There are dozens of efforts to use AI in dermatology. Researchers are building tools that can scan images of rashes and moles to discover the most likely type of problem. Dermatologists can then use the results to help them make diagnoses. But most tools are based on image databases that do not include many examples of conditions in darker skin or that do not have good information about the range of skin tones they include. That makes it hard for groups to trust that a tool will be as accurate on darker skin.
That’s why Rezk and the team turned to synthetic imaging. the project has four main phases. The team has already analyzed available image sets to understand how darker skin tones were underrepresented to begin with. He also developed an AI program that used images of skin conditions on lighter skin to produce images of those conditions on darker skin, and validated the images given to them by the model. “Thanks to advances in artificial intelligence and deep learning, we were able to use available white scan images to generate high-quality synthetic images with different skin tones,” says Rezk.

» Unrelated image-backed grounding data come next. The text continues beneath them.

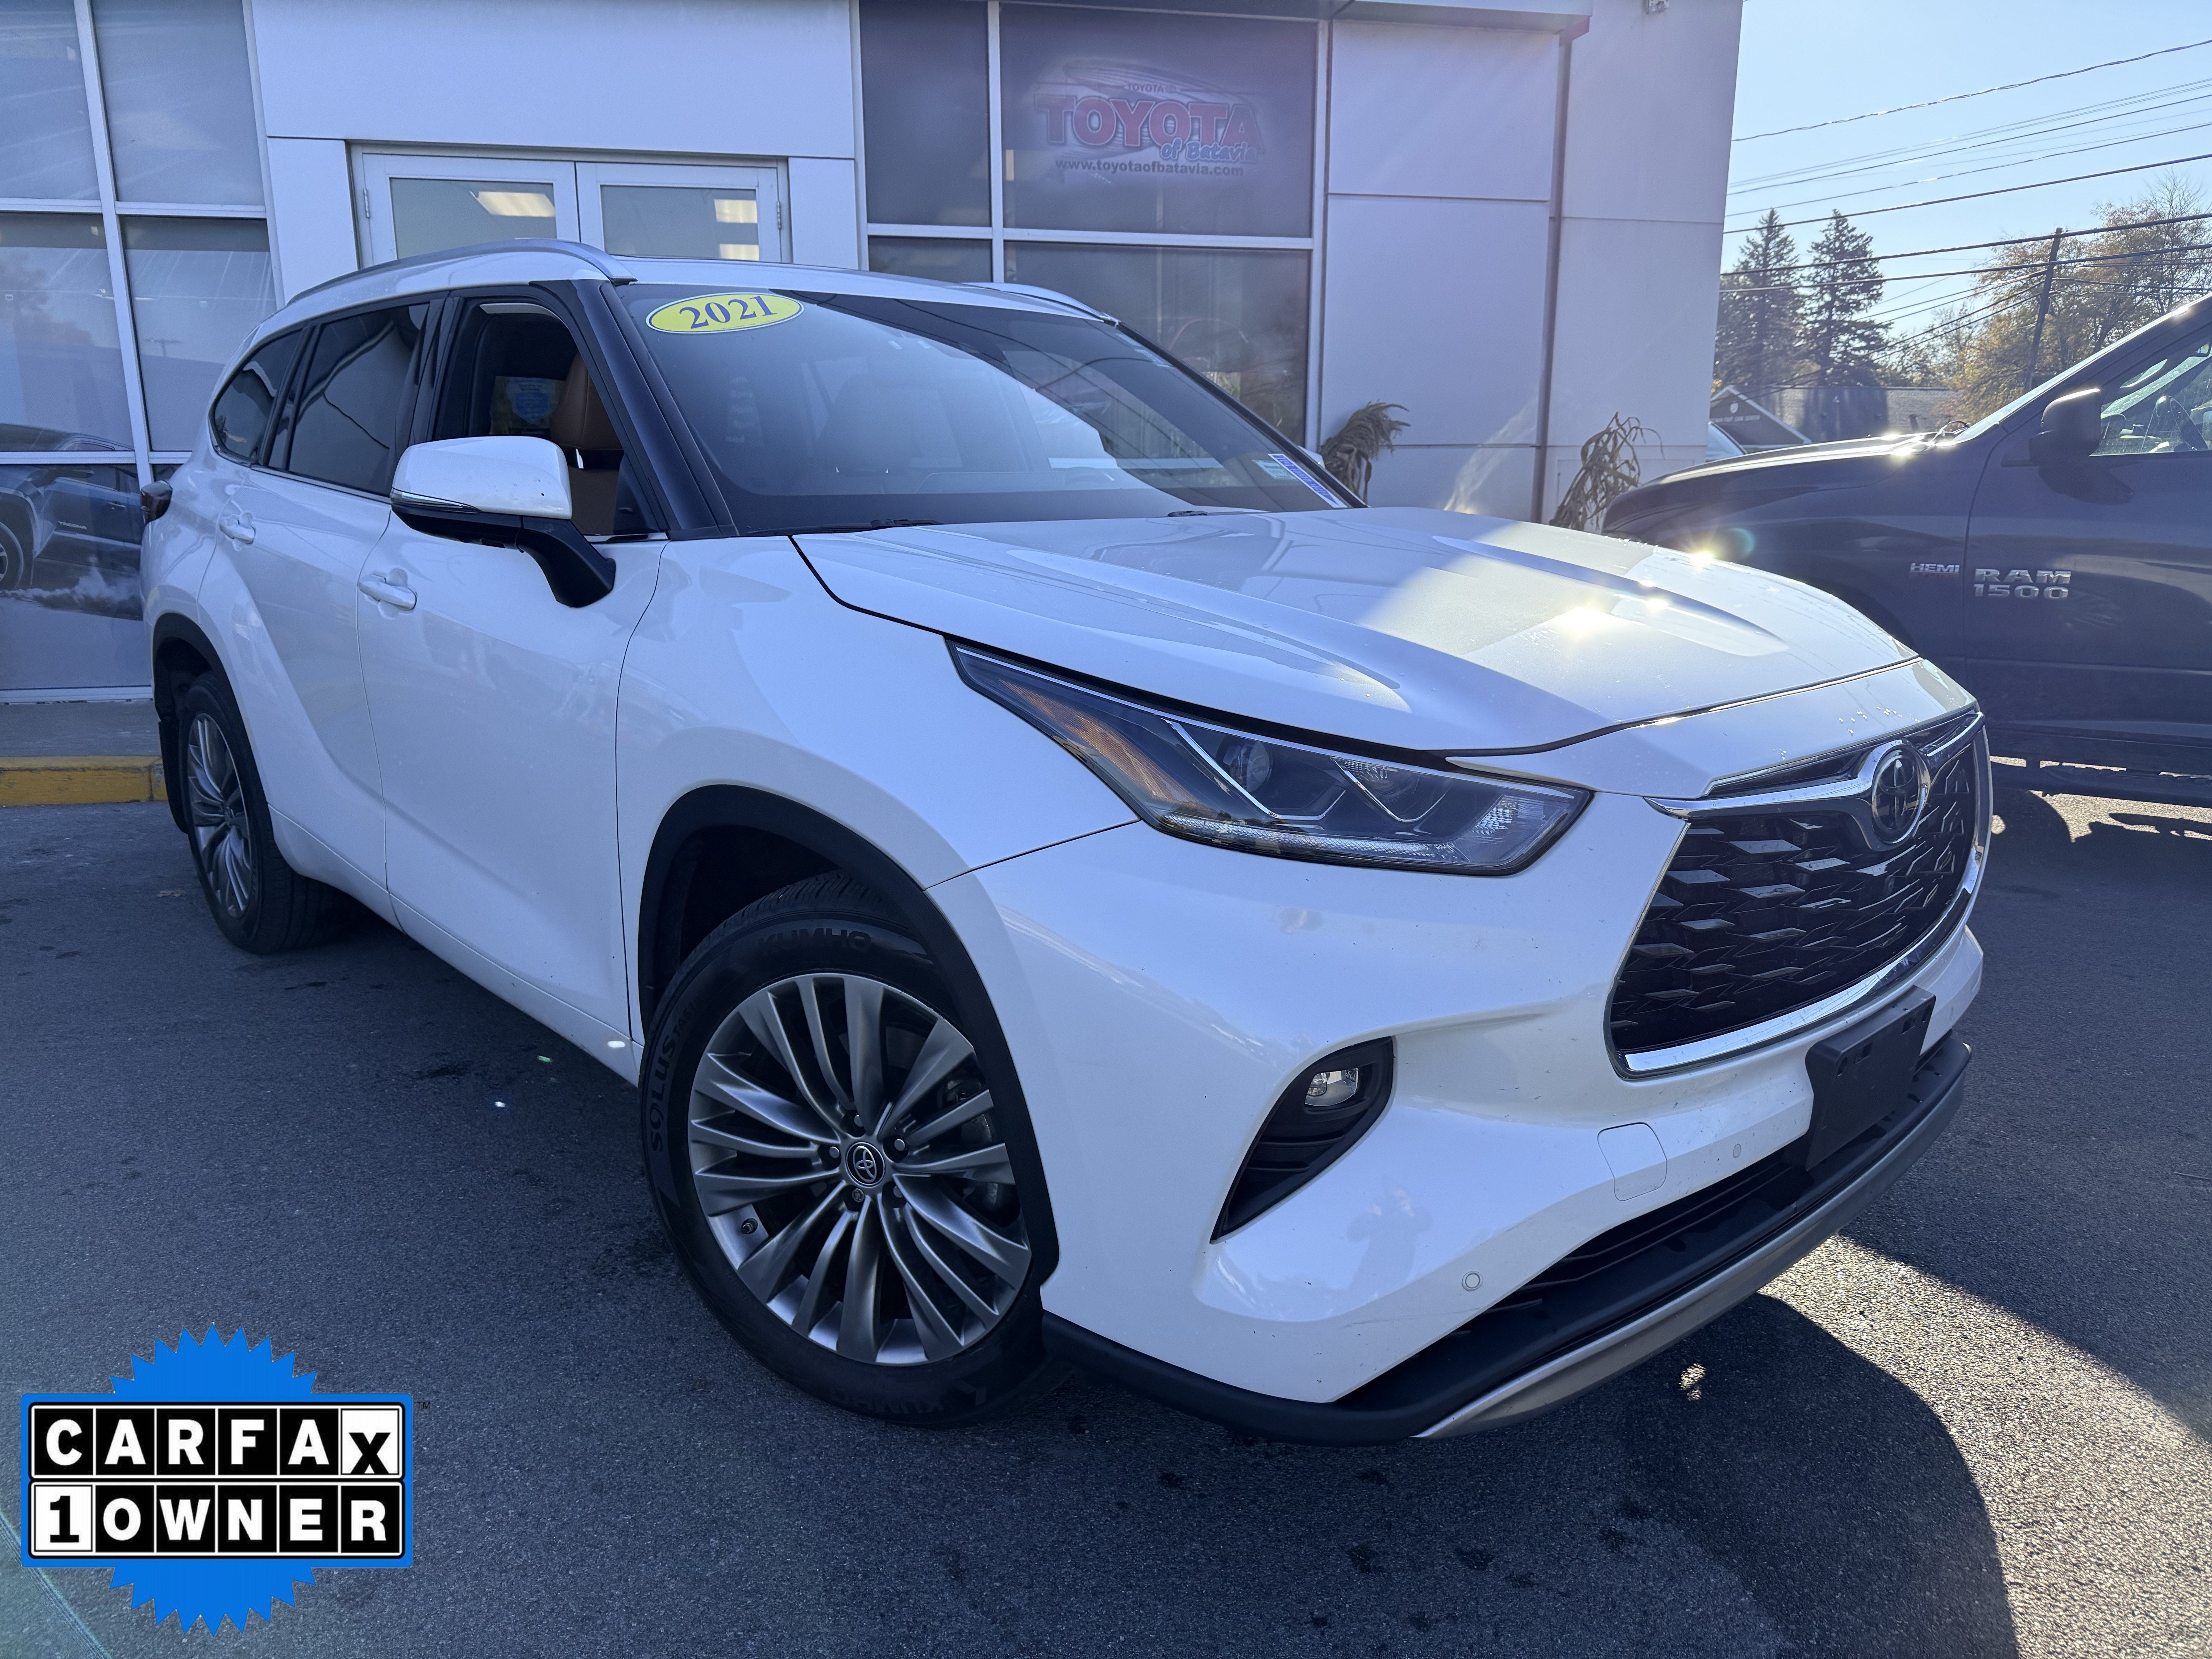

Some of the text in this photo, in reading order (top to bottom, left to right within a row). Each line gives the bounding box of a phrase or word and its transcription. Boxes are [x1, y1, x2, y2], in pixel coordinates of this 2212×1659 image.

[1127, 83, 1164, 93] TOYOTA
[1035, 95, 1261, 149] TOYOTA
[1160, 138, 1257, 163] of Batavia
[1055, 159, 1244, 177] www.toyotaofbatavia.com
[679, 295, 778, 329] 2021
[1910, 563, 1960, 573] HEMI
[1975, 568, 2071, 584] RAM
[1974, 584, 2069, 599] 1500
[757, 928, 871, 955] KUMHO
[649, 1035, 675, 1152] SOLUS

Next, the team will combine the synthetic images of darker skin with real images of lighter skin to create a program that can detect skin cancer. It will continually check image databases to find new, real images of skin conditions on darker skin that they can add to the future model, says Rezk.
The team is not the first to create images of synthetic skin, a group that included researchers from Google Health. published an article in 2019 describing a method to generate them, and could create images of different skin tones. (Google is interested in dermatological AI and announced a tool that can identify skin conditions last spring).
Rezk says synthetic images are a stopgap until more real images of darker skin conditions become available. However, Daneshjou is concerned about the use of synthetic images, even as a temporary solution. Research teams would have to carefully check whether the AI-generated images would have any common quirks that people would not be able to see with the naked eye. That kind of quirk could theoretically skew the results of an AI program. The only way to confirm that synthetic images perform as well as real images on a model would be to compare them to real images, which are in short supply. “Then it goes back to the fact of, well, why not just work on trying to get more real images?” she says.
If a diagnostic model is based on synthetic images from one group and real images from another, even temporarily, that’s a concern, says Daneshjou. It could make the model work differently on different skin tones.
Leaning on synthetic data could also make people less likely to push for real, diverse images, she says. “If you’re going to do that, are you really going to keep doing the work? she says. “In fact, I would like to see more people working on getting real data that is diverse, rather than trying to do this solution.”